Start of Material provided

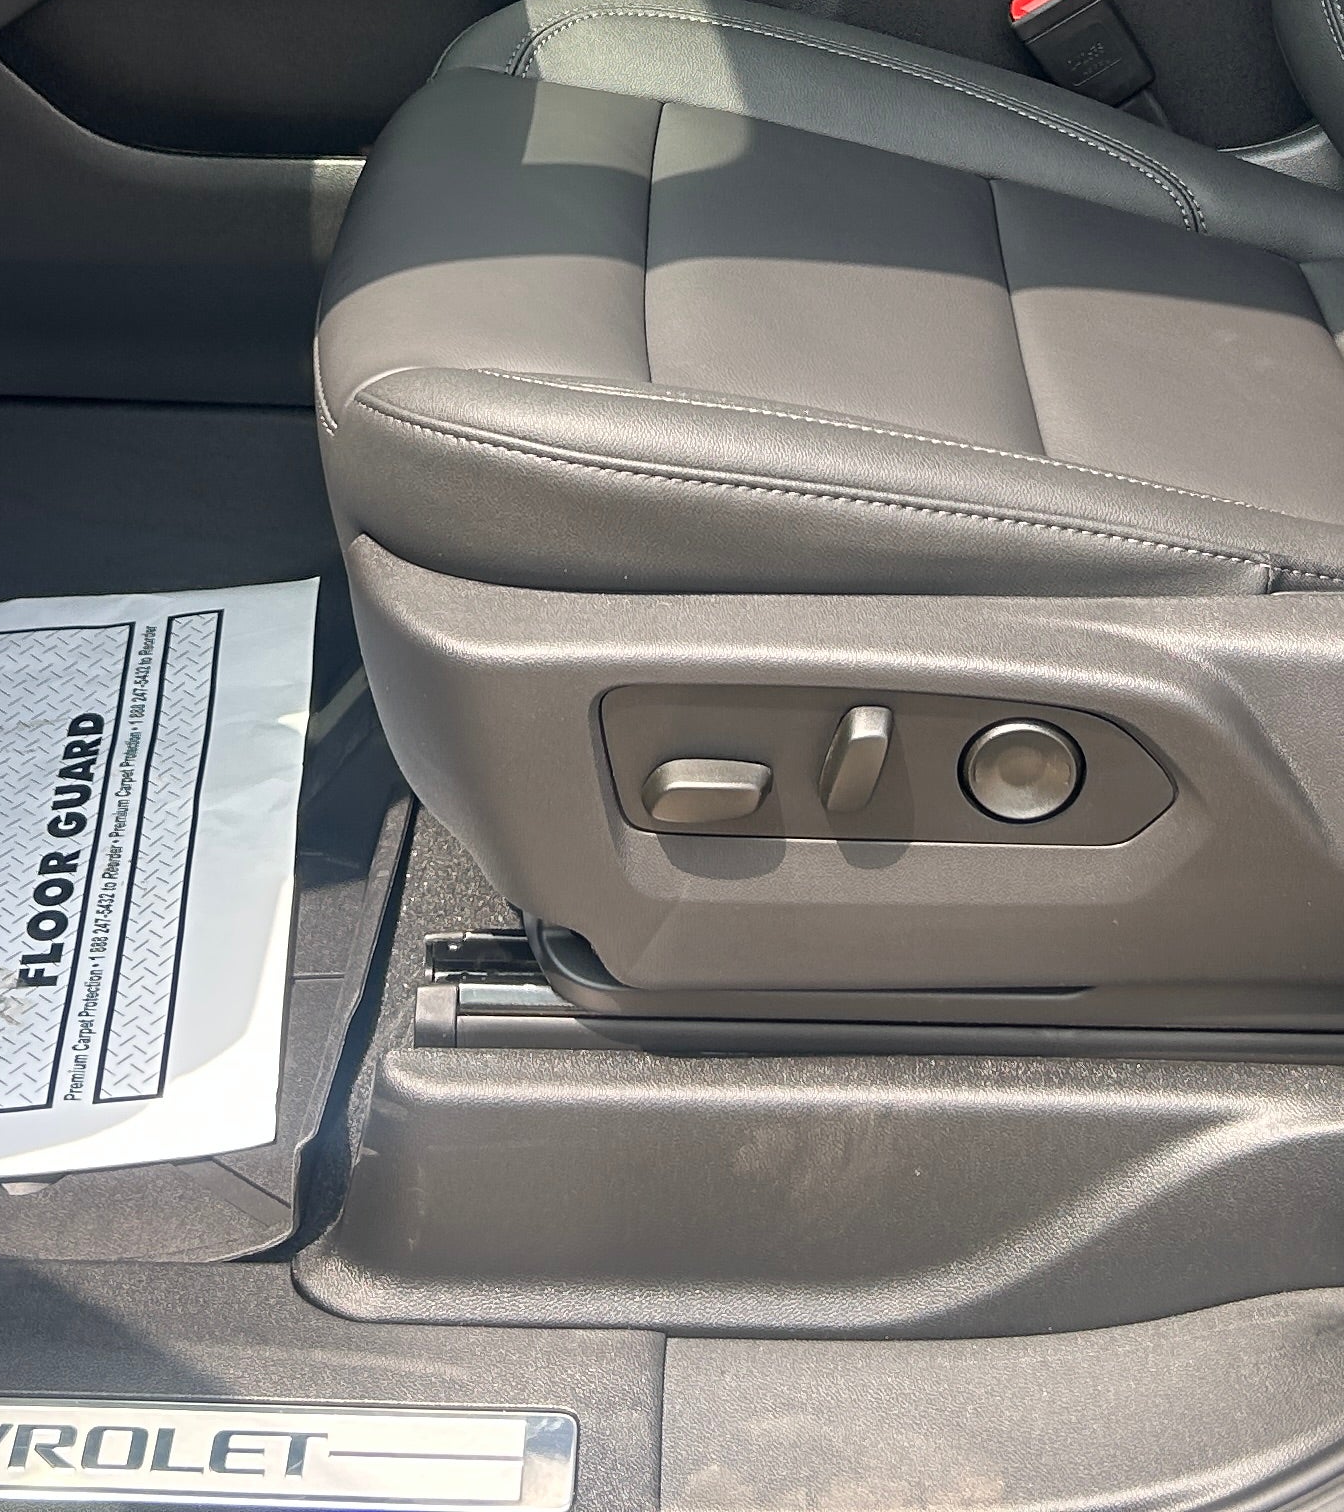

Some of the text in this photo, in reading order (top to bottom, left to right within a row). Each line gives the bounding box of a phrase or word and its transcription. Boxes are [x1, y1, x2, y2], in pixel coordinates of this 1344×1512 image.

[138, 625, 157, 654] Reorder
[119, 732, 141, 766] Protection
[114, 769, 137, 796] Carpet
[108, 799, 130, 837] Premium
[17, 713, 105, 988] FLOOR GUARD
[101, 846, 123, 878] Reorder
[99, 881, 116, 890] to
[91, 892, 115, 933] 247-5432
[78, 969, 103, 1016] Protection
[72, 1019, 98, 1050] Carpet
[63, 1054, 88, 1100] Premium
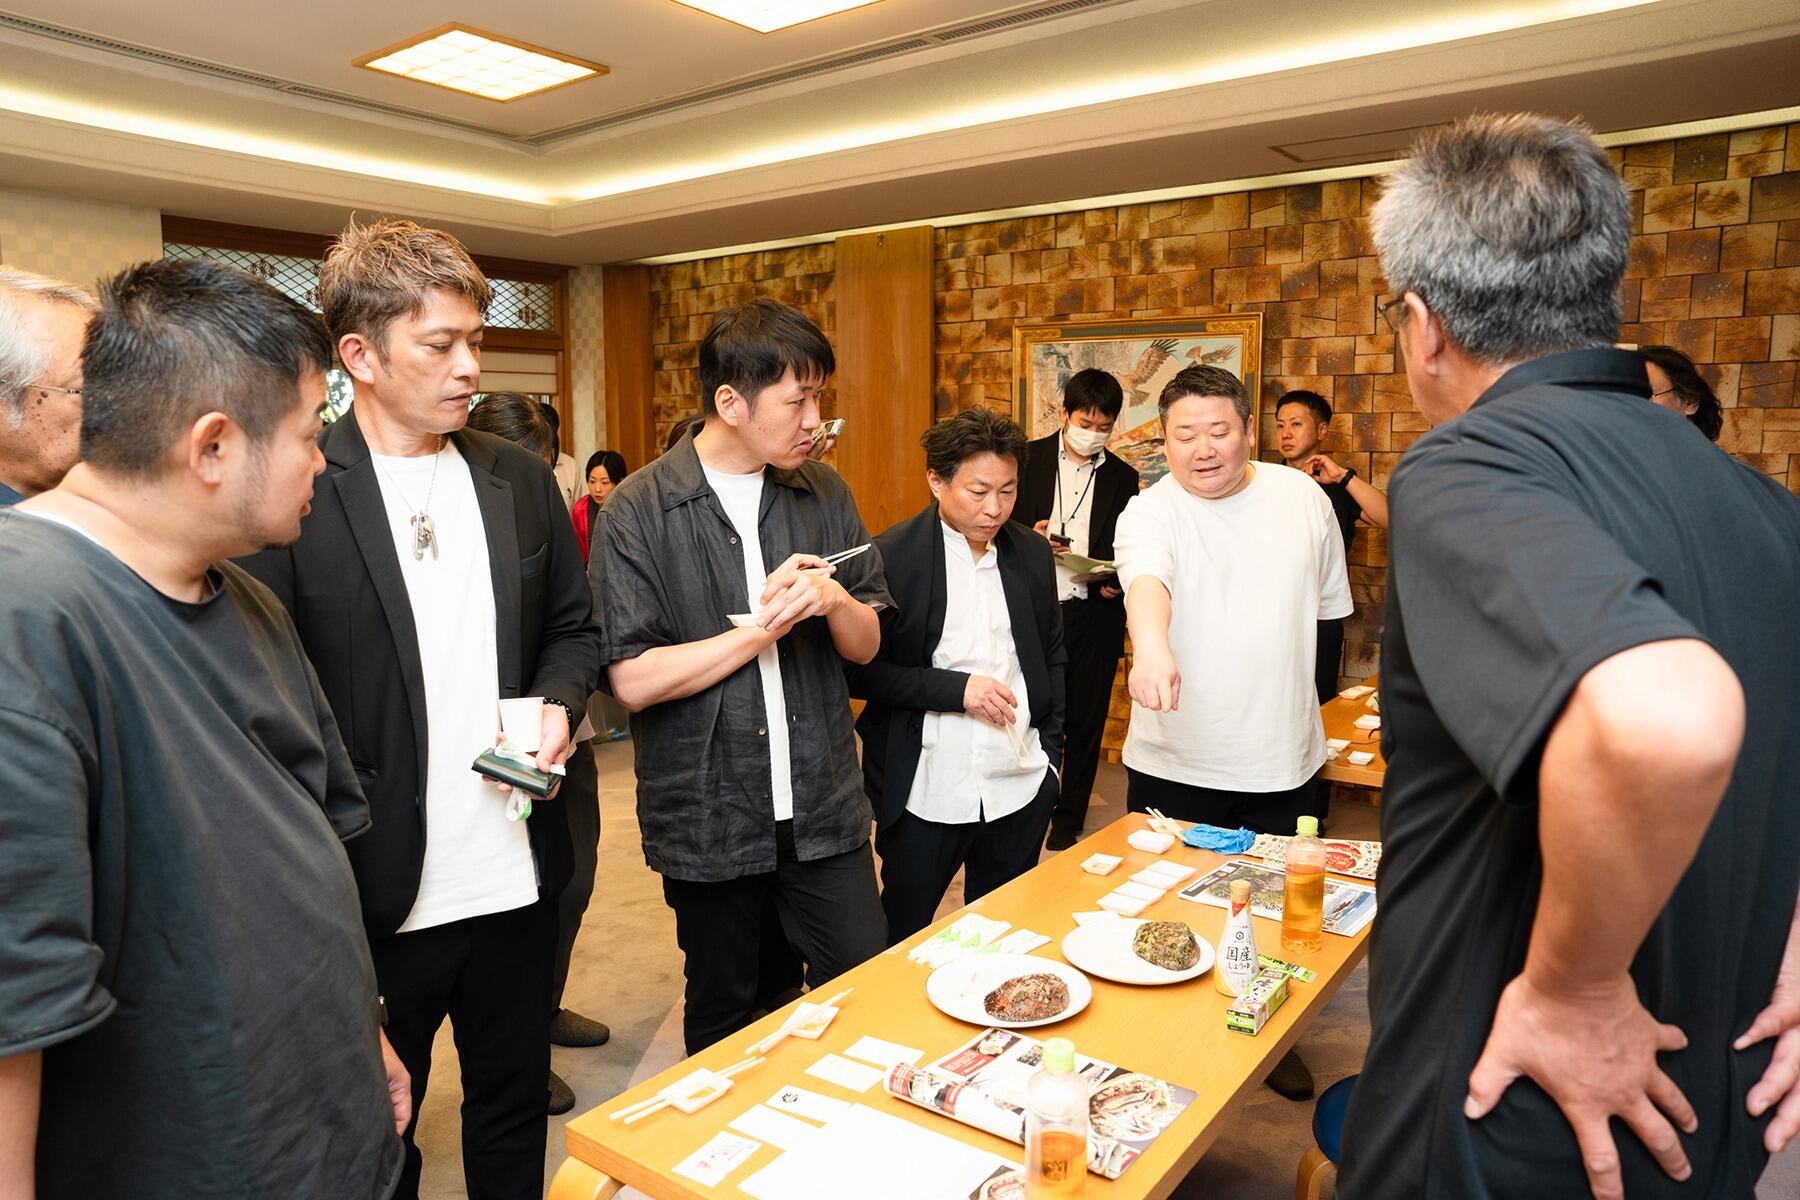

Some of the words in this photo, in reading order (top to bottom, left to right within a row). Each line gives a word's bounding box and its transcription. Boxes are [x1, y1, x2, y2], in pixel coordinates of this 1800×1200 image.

End of Material provided

■ Task details
Give every line of the data above again as it stands; the pictures stay out.

■ Answer for the task
Some of the text in this photo, in reading order (top to bottom, left to right within a row). Each line gives the bounding box of a phrase or word and its transcription. Boxes are [x1, y1, x2, y2], in pixel coordinates of this 1344×1512 image.

[138, 625, 157, 654] Reorder
[119, 732, 141, 766] Protection
[114, 769, 137, 796] Carpet
[108, 799, 130, 837] Premium
[17, 713, 105, 988] FLOOR GUARD
[101, 846, 123, 878] Reorder
[99, 881, 116, 890] to
[91, 892, 115, 933] 247-5432
[78, 969, 103, 1016] Protection
[72, 1019, 98, 1050] Carpet
[63, 1054, 88, 1100] Premium

Some of the words in this photo, in reading order (top to bottom, left to right within a row). Each line gives a word's bounding box and its transcription. Boxes are [x1, y1, x2, y2], in pixel coordinates of this 1800×1200 image.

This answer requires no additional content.